By Manuela Barichello

"Understanding your teenager’s “sudden” search for identity and independence without butting heads… you can survive this and even enjoy the process!" 

How does identity form…and how do we know who we are?

Individuation
The period between leaving childhood and entering adolescence is an interesting time fraught with many hurdles, successes and challenges. It is also a time when a person’s identity is forming and there is a recognisable mental, emotional, social, and physical growth. In this mix is the desire to express individuality. According to Jungian psychology, this is individuation, and relates to the individual’s personality formation taking greater form and differentiating from others. Specifically, it is related to the ‘separating’ or individuating from one’s parents, and during adolescence it takes on a particular importance. Ideally, it is a time when the family should allow their adolescent room to grow and explore aspects of identity, personality, and self –  but within reason. This may become quite confronting for the unsuspecting parents as they encounter this newly found seemingly defiant “independence” in their once compliant child, who now is clearly determined to show they have a mind of their own. As evidence suggests, it is considered in the best interests of the adolescent to assist them towards individuation so that they can achieve optimal and physical and mental health. Given the opportunity to advance towards individuation will generally ensure a happier, mature, responsible, and well-adjusted individual.

What happens when parents accidently override the individuating adolescent?
Parenting can be a tricky business at the best of times and it can really try the patience of the most well-meaning parent, leaving them exasperated and questioning their parenting abilities. This is especially so when confronted with an aloof or unresponsive teenager who gives either minimal responses such “hmmm, yep or nah” or angry “no leave me alone!” before retreating to their room or slamming the door. In this situation it is best not to make demands that they communicate with you then and there, but rather allow them space to cool off and to try again later when they have calmed down. 

Problems occur when parents are insensitive towards their children’s feelings and do not respect or accept their choices, or identities. This can have the effect of negatively impacting on the individuation process. Furthermore, if children learn suppression  through not being allowed to  experience difficult emotions like sadness, worry, or anger, they may find it difficult to learn to know or trust their own feelings, or fail to adequately develop a sense of trust in their own judgement. 

What happens in young adulthood?
Individuation away from parents continues throughout adolescence as they transition into young adulthood. They may choose their own education pathway, peer groups, hobbies, careers, and travel destinations and may make some, or even many life choices that may seem at odds with the choices their parents may want for them. Those who have successfully individuated will likely be able to make these choices with little anxiety. However, the process of individuation may be challenging to some, especially the anxious child who has had difficulty individuating and becoming more adult like. For them, making choices that depart from family ideals and values may prove especially difficult. The inability to individuate, or the suppression or denial of the true self, can both cause distress and negatively impact the development of a defined sense of identity. 
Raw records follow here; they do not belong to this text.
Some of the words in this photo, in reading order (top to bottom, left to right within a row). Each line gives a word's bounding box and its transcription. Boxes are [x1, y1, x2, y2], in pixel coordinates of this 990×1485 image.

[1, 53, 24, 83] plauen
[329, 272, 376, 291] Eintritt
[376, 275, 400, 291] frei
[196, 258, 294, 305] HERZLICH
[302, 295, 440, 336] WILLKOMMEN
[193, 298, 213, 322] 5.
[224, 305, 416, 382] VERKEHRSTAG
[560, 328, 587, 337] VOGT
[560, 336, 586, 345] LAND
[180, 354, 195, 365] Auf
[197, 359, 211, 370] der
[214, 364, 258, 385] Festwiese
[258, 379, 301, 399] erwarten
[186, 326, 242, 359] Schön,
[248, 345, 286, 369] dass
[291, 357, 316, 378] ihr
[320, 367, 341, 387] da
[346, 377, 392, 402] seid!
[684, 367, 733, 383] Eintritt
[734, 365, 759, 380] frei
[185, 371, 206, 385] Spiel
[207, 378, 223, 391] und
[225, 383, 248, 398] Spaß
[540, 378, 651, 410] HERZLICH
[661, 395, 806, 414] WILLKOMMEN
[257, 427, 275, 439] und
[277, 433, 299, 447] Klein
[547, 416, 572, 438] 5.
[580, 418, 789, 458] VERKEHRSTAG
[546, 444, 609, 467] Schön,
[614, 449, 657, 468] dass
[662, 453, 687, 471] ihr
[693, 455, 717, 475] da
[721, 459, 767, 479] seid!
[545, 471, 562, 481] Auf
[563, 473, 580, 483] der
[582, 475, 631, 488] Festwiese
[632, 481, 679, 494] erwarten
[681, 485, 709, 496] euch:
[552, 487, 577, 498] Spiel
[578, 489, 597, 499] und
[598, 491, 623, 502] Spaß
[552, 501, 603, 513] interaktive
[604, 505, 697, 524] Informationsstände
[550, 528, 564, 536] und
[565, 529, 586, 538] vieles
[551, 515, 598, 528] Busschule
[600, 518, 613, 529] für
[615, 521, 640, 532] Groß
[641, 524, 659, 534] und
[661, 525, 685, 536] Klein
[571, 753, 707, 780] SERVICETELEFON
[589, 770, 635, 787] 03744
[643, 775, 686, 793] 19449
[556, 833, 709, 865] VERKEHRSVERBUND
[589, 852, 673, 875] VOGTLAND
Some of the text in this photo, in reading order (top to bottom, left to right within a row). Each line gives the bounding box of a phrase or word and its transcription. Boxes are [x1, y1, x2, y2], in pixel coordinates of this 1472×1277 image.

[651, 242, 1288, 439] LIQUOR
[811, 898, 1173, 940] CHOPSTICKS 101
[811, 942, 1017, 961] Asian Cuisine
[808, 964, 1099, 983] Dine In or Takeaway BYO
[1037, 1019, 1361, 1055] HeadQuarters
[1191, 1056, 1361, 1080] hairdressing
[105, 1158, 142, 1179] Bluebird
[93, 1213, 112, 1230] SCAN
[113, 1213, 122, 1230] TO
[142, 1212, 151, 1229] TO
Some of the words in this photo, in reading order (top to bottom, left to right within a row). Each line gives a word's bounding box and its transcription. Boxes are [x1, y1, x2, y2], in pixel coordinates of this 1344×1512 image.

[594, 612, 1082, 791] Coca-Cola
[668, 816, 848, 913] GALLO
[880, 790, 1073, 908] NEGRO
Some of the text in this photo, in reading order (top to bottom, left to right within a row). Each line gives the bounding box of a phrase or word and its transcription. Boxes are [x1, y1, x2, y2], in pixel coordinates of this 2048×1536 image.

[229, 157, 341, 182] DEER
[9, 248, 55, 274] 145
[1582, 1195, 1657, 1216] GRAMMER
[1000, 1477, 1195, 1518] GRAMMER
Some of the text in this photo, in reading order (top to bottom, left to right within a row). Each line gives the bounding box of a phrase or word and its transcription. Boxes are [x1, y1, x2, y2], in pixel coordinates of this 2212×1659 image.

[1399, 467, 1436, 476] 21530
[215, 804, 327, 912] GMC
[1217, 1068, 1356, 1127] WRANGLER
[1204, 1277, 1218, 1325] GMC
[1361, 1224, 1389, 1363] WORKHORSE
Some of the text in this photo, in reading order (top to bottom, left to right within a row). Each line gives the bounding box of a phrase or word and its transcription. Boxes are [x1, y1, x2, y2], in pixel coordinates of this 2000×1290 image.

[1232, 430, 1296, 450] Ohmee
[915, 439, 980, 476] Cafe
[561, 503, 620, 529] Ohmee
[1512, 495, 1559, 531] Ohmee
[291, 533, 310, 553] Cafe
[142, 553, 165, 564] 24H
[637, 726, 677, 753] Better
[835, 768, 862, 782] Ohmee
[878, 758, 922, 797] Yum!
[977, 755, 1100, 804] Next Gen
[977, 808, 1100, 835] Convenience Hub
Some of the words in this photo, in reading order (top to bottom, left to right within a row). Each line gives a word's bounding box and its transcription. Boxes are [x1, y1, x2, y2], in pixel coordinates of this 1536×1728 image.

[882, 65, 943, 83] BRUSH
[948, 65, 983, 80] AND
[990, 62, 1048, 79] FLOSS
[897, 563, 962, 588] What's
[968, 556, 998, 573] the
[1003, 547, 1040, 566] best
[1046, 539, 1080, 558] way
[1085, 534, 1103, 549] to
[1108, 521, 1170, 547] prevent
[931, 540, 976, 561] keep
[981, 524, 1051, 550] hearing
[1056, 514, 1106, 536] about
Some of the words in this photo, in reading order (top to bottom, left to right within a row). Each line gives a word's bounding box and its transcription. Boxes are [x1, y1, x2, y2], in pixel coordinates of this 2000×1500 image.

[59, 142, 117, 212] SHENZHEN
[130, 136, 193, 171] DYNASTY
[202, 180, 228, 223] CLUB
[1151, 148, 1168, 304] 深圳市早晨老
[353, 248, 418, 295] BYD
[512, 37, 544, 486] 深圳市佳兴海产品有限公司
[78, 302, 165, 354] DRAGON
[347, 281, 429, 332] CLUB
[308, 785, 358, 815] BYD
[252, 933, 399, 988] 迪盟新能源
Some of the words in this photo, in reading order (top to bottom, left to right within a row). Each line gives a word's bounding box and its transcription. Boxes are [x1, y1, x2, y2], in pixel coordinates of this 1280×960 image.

Why Is Individuation Important? 
Individuation is considered essential to the development of a healthy identity and the formation of healthy relationships with others. A person who does not successfully individuate may lack a clear sense of self and feel insecure about pursuing goals different to those of family members. As a result they may experience feelings of low mood, anxiety, increased dependency, as well as difficulties in romantic or workplace relationships, and poor decision-making skills. Furthermore, if adolescents are not allowed to work through these milestones, it could result in a general sense of not knowing who they are or what they want from life. 
 
How to support your adolescent being an individual
Research by Fuller (2014) recommends a number of strategies that parents can use to help their son or daughter become a more confident, and self-assured individual:
Firstly, it is important to be there when your son/daughter wants to communicate, to eliminate any distractions, such as phones, computers or the television (i.e., provide undivided attention) 
Secondly, because many teens don’t get a great deal of positive feedback, providing them with several “I notice” comments each day can make a huge difference. 
 
1. “I noticed that you were really enjoying that…”
2. “I noticed you really worked hard on …”
3. “I noticed you are a lot more competent with …”
4. “I noticed you felt energized when …”
 
Thirdly, being loved by your family. Even in a most dysfunctional family, a teenager who has one family member who loves them and considers them pretty good can be sufficient to turn them from poor to positive functioning. 
 
Fourth, having a diversity of friends – A teenager does not have to be the most popular, sociable or outgoing person about. The important thing is to have a few options in terms of friendship groups, as this will protect them. Teens tend to define themselves by their friends they see. Having different groups avoids them getting locked in to only one way of being.
 
Lastly, the importance of having positive connections outside the family around themes that enhance positive feelings, relationships and finding meaning, have been associated with increased wellbeing, relationships and academic success. For instance, performing small acts of kindness, seeking out ‘flow’ experiences (activities where attention is sustained and includes a sense of achievement), learning to forgive, or keeping a gratitude diary can be important towards the transition to young adulthood (Seligman, 2012). Equally important is providing love and support to your young person as this will assist them in becoming more self-assured in pursuing new experiences and adventures.